The door bust open and five of Gowrie’s boys came in with some pillow sacks and smiles on their faces. They looked like this was all in good play, like those Army maneuvers in the woods, and if they got shot it wouldn’t be bullets but paint.

None of ’em had turned twenty yet, including that son of a bitch Charley Booth. All of ’em, dirty and bald-headed, in heavy coats and gloves. None of ’em had shaved in days, and they stunk. How in the hell had Ditto ended up here?

Prison would be a hell of a vacation. He’d shack up with the biggest nigger in the place to get free of this shit.

Gowrie reached over the ledge of the teller’s booth, making the little girl with all that makeup jump. She put her hands up in the air, leaving hundred-dollar bills scattering to the floor. “I’m so sorry. I’m so sorry.”

Gowrie just laughed, fishing a Blow Pop from a candy jar and tearing off the wrapper. “Throw in all these, too.
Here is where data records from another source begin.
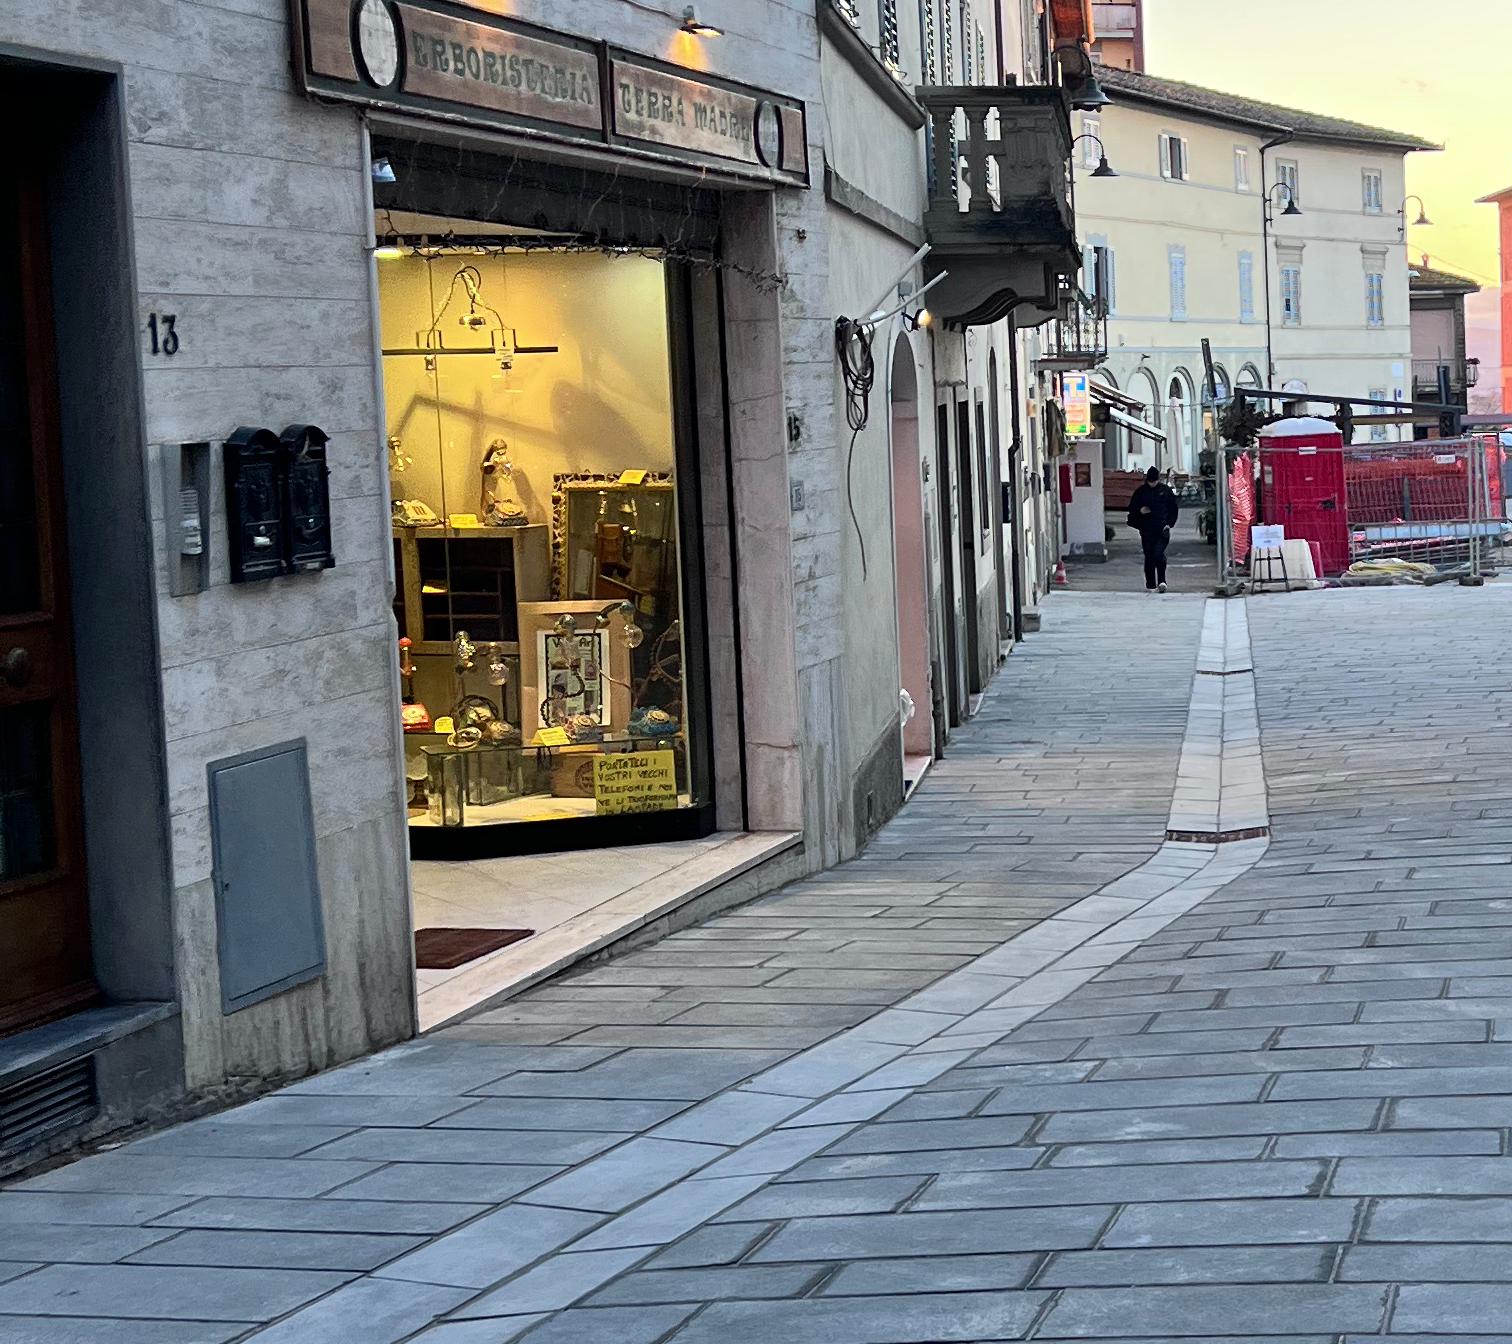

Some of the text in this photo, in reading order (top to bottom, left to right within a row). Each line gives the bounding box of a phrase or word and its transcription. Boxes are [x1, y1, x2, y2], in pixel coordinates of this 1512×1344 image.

[412, 31, 593, 104] ERBORISTERIA
[620, 83, 685, 126] TERRA
[147, 312, 178, 356] 13
[787, 415, 801, 442] 15
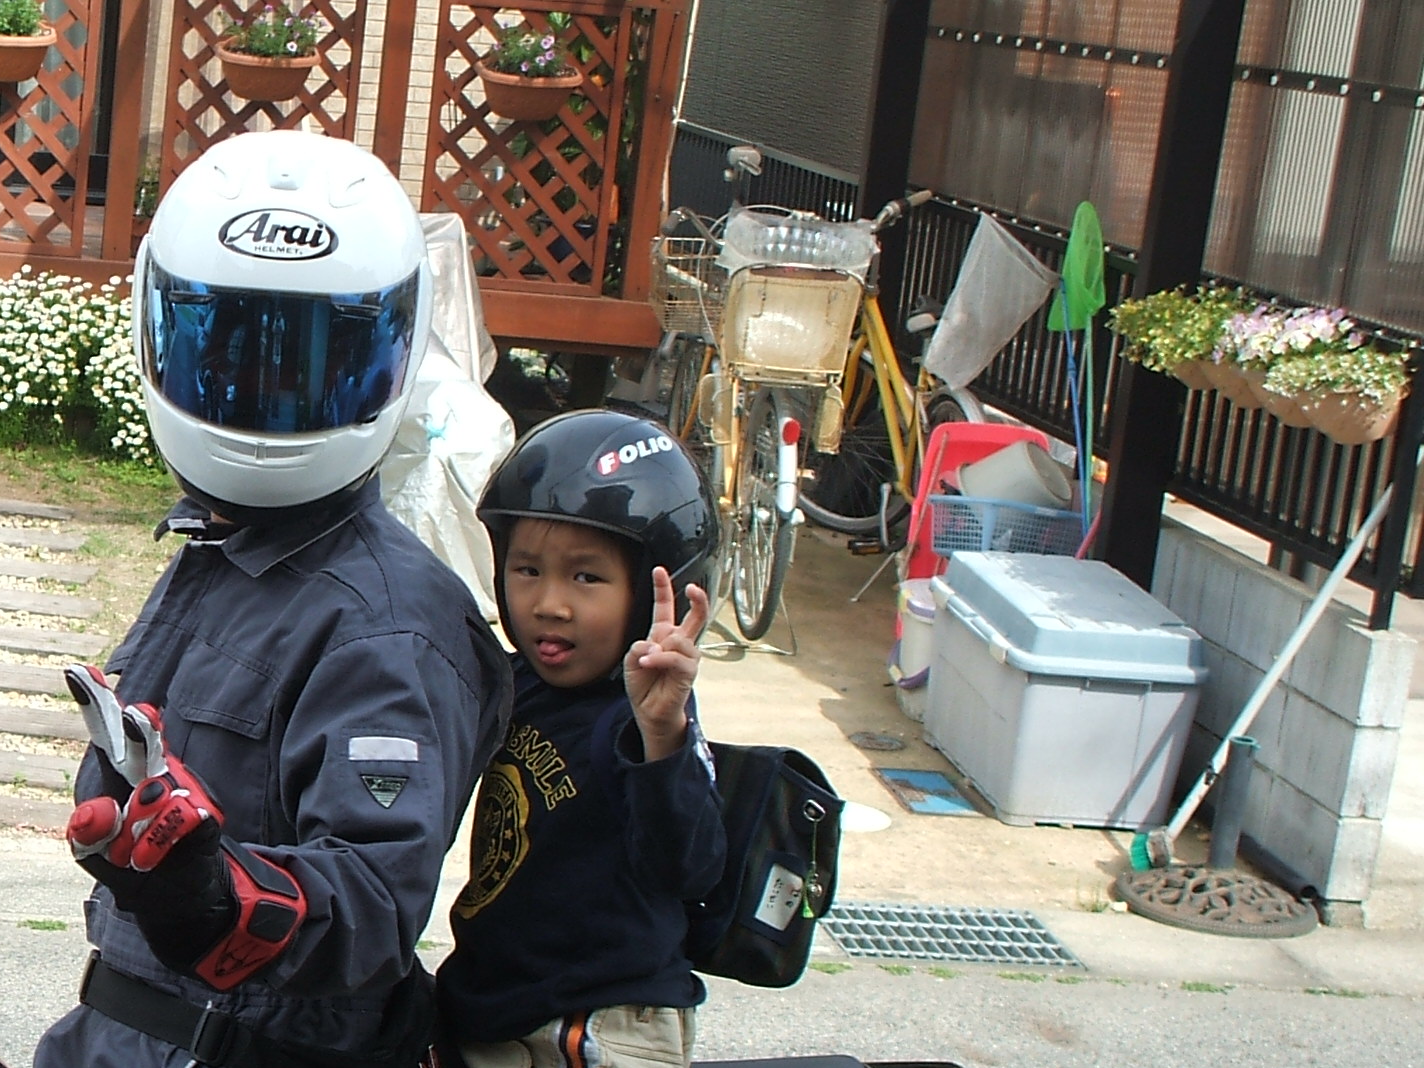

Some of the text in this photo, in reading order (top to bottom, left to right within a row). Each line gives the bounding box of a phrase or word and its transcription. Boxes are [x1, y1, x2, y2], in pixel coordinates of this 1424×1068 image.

[225, 212, 326, 249] Arai
[254, 245, 300, 255] HELMET
[598, 435, 674, 476] FOLIO
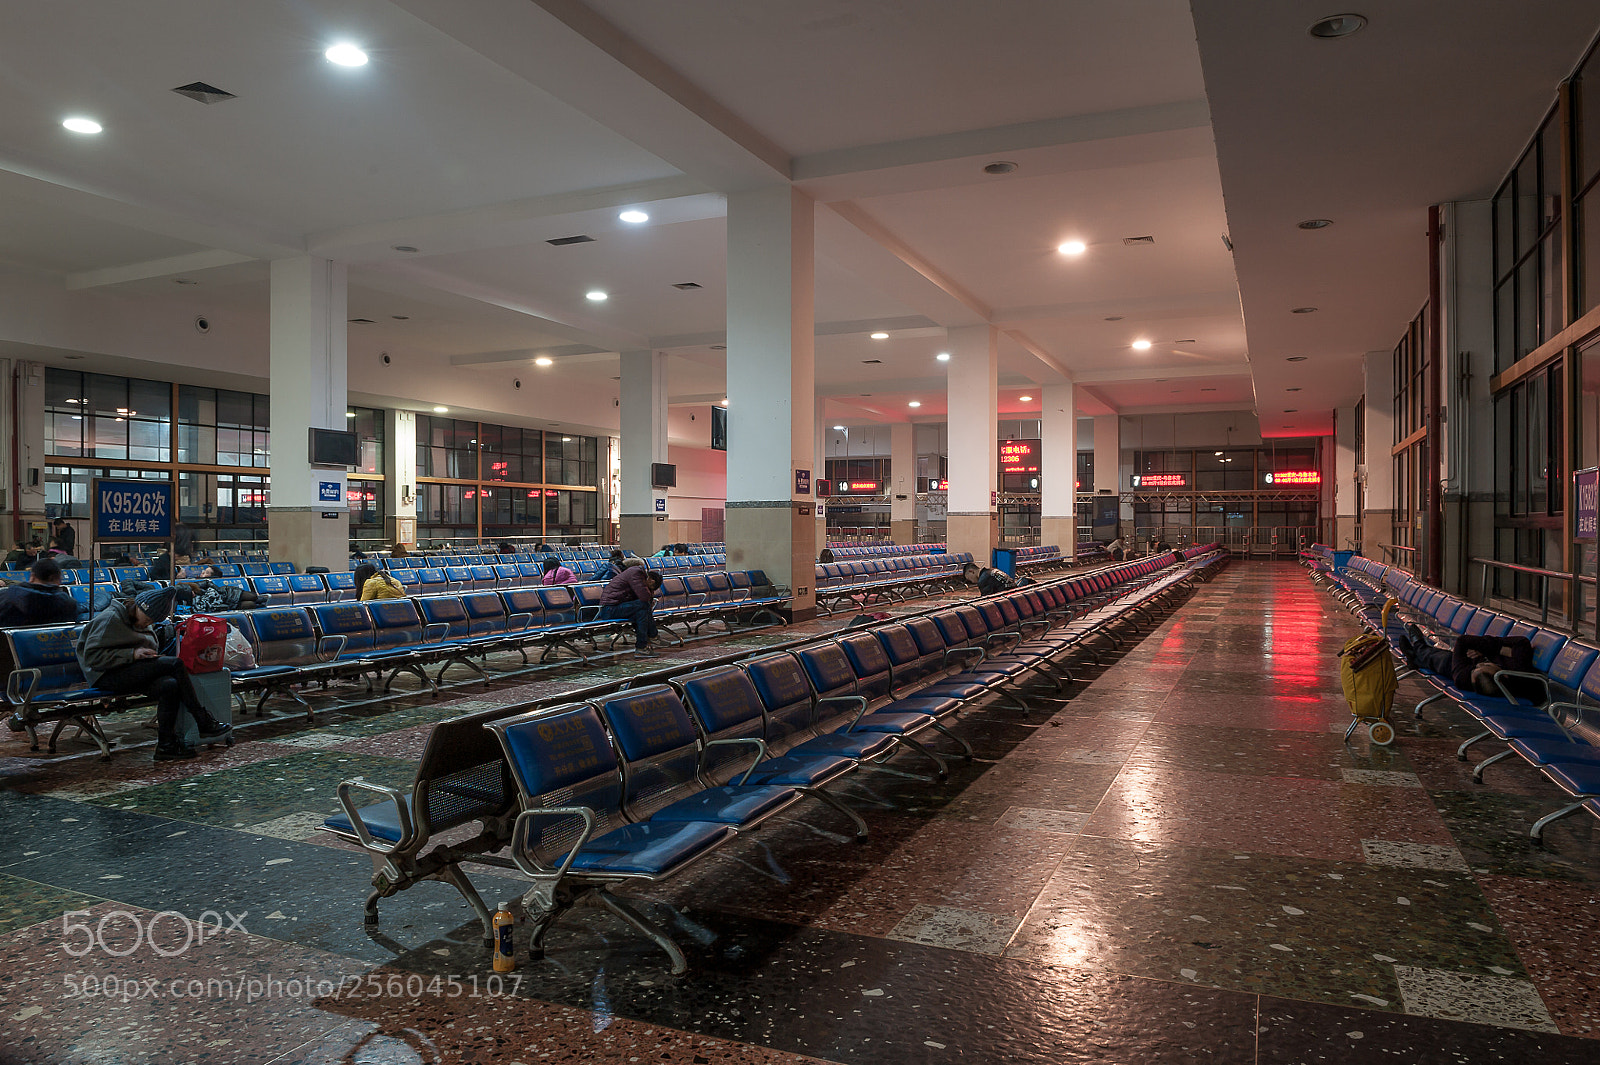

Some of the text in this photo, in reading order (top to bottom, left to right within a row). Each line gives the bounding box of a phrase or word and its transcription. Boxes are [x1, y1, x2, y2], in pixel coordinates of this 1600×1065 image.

You don’t need to paint yourself up like a whore . . . And smile sometime. Son of a bitch, this old town is sad.”

 

 

Quinn had to lay
facedown on the bed to relieve the pressure on his backside. He had a pillow up under his face so he could watch the door, converse with the nice black nurse who’d come in to check on him every fifteen minutes. She wanted him to take some more pills, put him on a pain drip, but he said no thanks and asked again about his clothes.

She said they’d been thrown away.

“Even my boots?”

“Even the boots.”

He tried to close his eyes. He heard a knock on the door.

Anna Lee Stevens walked in and stood over him, then sat at the edge of the bed and looked down at the bandages on his legs and back. She touched his arm and smiled. She’d been crying.

“Luke got called,” she said. “We thought you’d died.”

“Wouldn’t have hurt as bad.”

“What happened?”

“Boom brought Hondo back.”

“Who’s Hondo?”

“My uncle’s dog,” Quinn said, smiling.

“You’re laughing?”

“Why the hell not? Beats crying.”

“And Wesley? He’s dead?”

Quinn was silent.

She moved her fingers back and forth across his forearm and just stared at him, grabbing his watch and starting to cry a bit. Quinn watched those sleepy eyes and her soft red mouth as she leaned over and kissed him on the forehead.